Tornando alla Dea Shakti che potremmo a questo punto identificare come parte animica, e quindi archetipo femminile, nella sua forma simbolica di serpente che si snoda (kundalini), definisce la dimensione sessuale ed erotica. Quindi sostanzialmente "motore" della creazione anche in senso stretto (nuovi corpi nei quali e attraverso i quali è possibile fare l'esperienza di vita).

Nel Tantra viene utilizzata l'energia sessuale nella sua componente erotica, quindi non necessariamente orientata alla procreazione. Si da maggiore risalto quindi alla propria componente femminile, perché c'è l'esigenza di riequilibrare il gap con l'elemento maschile che è fortemente predominante. Quindi un lavoro interiore per acquisire la componente femminile, animica e mitigare l'eccesso di spazio tempo dell'elemento maschile, così da acquisire la consapevolezza che tutto quello che appare essere reale è una neurosimulazione funzionale all'esperienza da espletare.

L'equilibrio quindi tra l'elemento spirituale e animico consente di percepire la realtà esterna per quella che è e comprendere che si è al contempo creatori e formatori della nostra stessa esperienza di vita.

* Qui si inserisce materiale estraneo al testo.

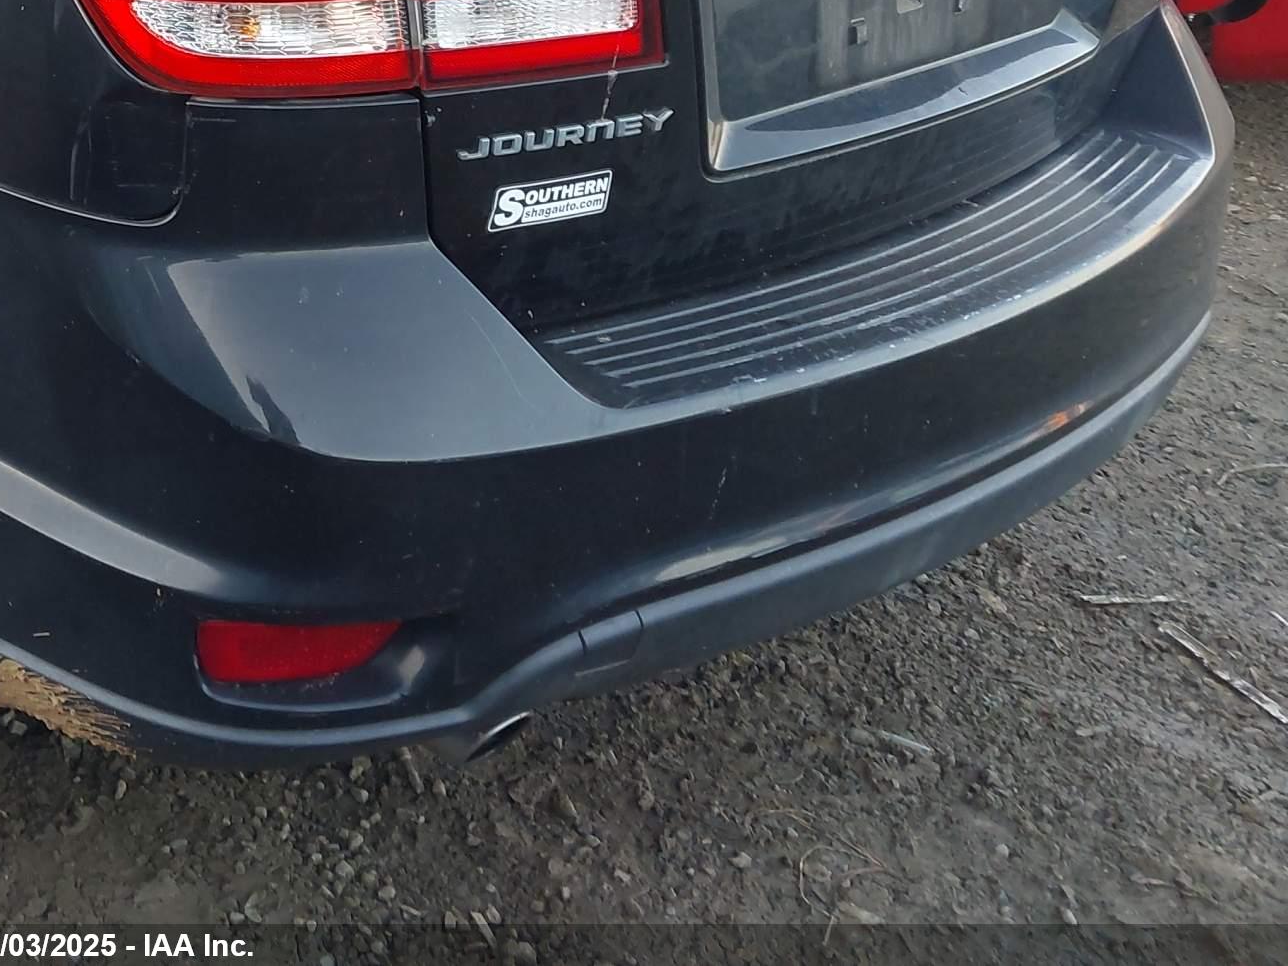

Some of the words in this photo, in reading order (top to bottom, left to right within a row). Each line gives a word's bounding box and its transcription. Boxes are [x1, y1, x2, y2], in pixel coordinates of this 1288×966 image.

[456, 107, 675, 161] JOURNEY
[494, 177, 609, 226] SOUTHERN
[524, 198, 602, 219] shagauto.com

Nella sostanza gli elementi indicati sopra definiscono la dualità, una separazione necessaria per vivere l'esperienza come reale. L'altro da se deve essere creduto reale se si vuole interagire e ottenere dei risultati in termini esperenziali, l'anima e lo spirito, Shakti e Shiva sono entrambi funzionali per delineare lo schema olografico nel quale andiamo apparentemente ad operare.

Il Tantra appare alla luce delle sue tecniche e pratiche fisiche, all'avanguardia e sotto certi aspetti una disciplina rivoluzionaria. Il Tantra infatti tende a far incontrare le due parti, prima individuandole poi portandole ad una fusione operativa, durante la quale di sperimenta l'unità. E questo sostanzialmente avviene attraverso il contatto energetico sessuale che viene vissuto con assoluta consapevolezza dei ruoli e della tipologia energetica che ci rappresenta. Ma se vogliamo il Tantra va ancora oltre nel senso che crea il presupposto delle non dualità già all'interno del singolo partner, per cui all'atto della fusione sono quattro gli elementi che concorrono all'esperienza. Nelle pratiche e nelle sessioni a coppie, questa sinergia a 4 consente di creare un cerchio magico che fluisce da un corpo all'altro che è la risonanza esatta della ricomposizione della dualità che in contemporanea accade in entrambi i partner.

Come appare evidente tutto questo è possibile solo se si potenzia la propria componente femminile la Shakti appunto senza la quale Shiva, che predomina facendo prevalere la componente esteriore e "materiale" sulla quale "agire", non può assaporare e riconoscere la non dualità. La non dualità è in pratica l'elemento che consente alla coscienza di comprendere chi è e che cosa sta facendo nella sua condizione duale.